RECORD EXTRACTS:
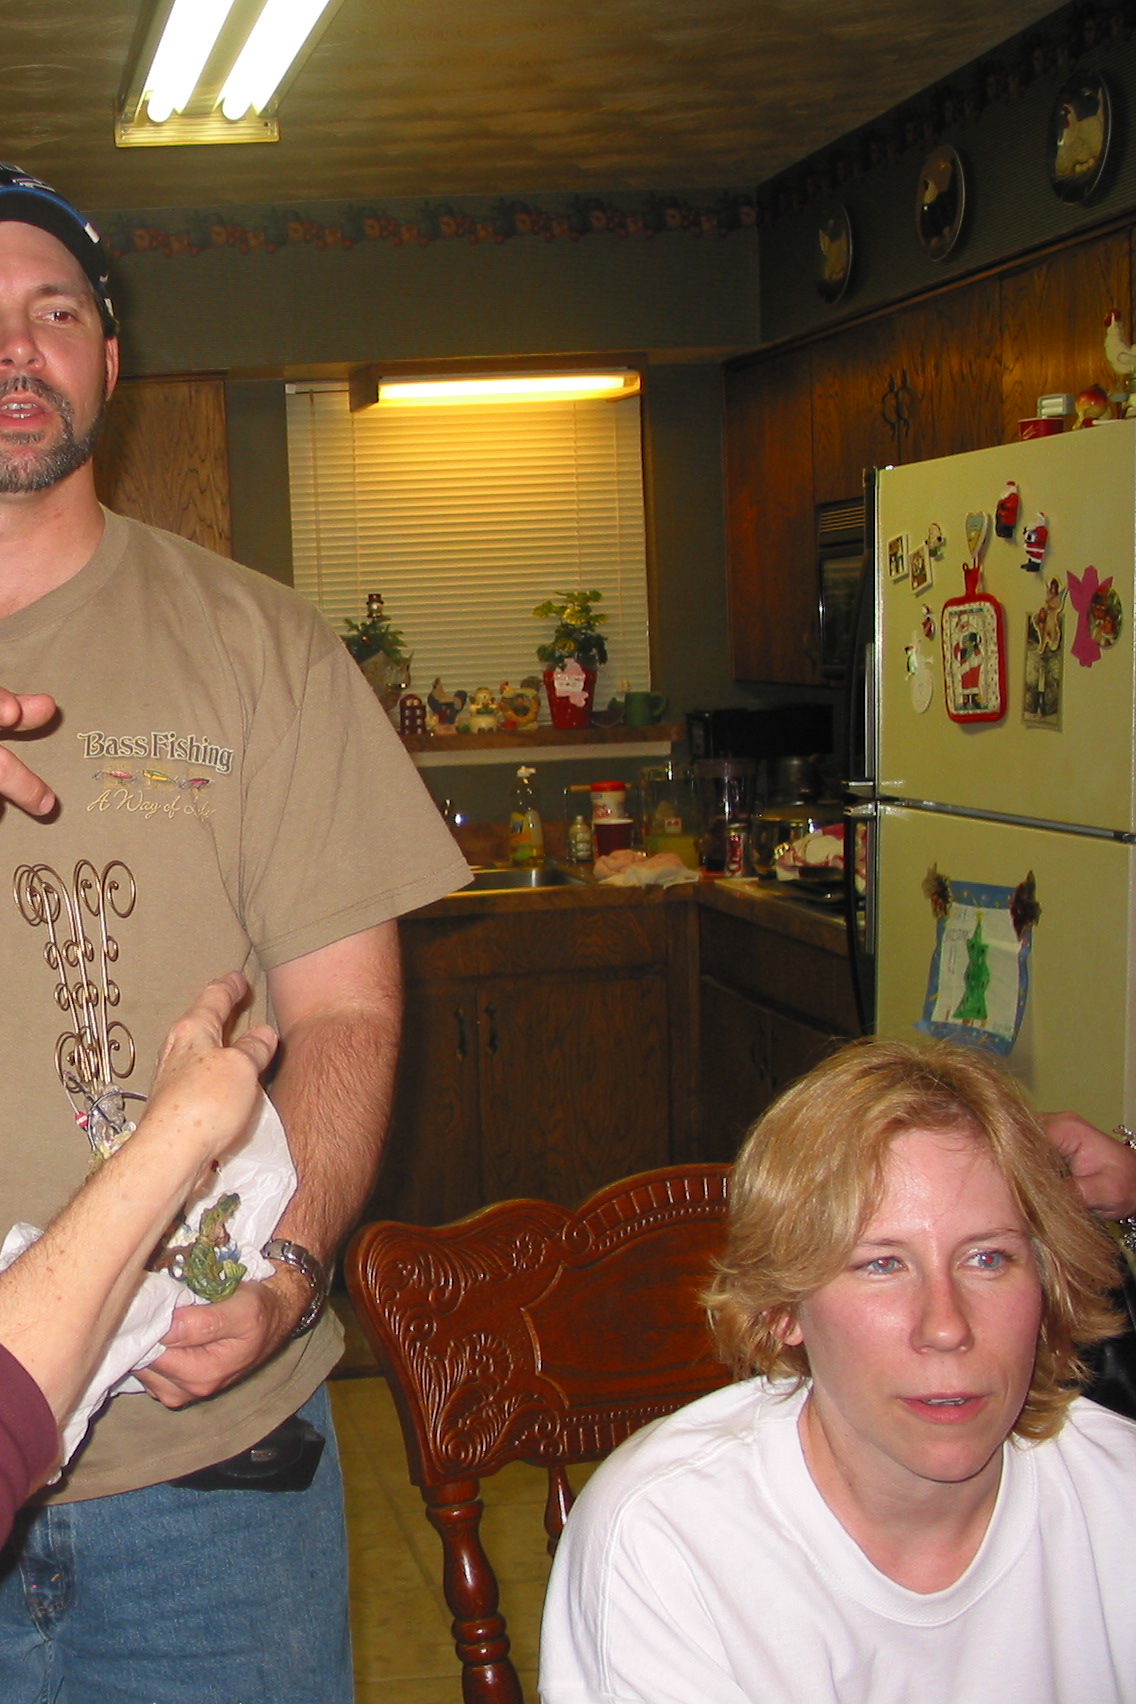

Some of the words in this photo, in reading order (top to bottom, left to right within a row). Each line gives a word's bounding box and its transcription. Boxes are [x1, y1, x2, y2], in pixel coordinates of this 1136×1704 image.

[77, 730, 149, 759] Bass
[150, 730, 234, 775] Fishing
[86, 789, 111, 812] A
[113, 788, 162, 819] Way
[163, 795, 181, 819] of

YOUR TASK:
Everything in the entries must be written out exactly; the pictures stay out.

WRITTEN ANSWER:
Some of the words in this photo, in reading order (top to bottom, left to right within a row). Each line gives a word's bounding box and its transcription. Boxes are [x1, y1, x2, y2], in pixel coordinates of this 1136×1704 image.

[77, 730, 149, 759] Bass
[150, 730, 234, 775] Fishing
[86, 789, 111, 812] A
[113, 788, 162, 819] Way
[163, 795, 181, 819] of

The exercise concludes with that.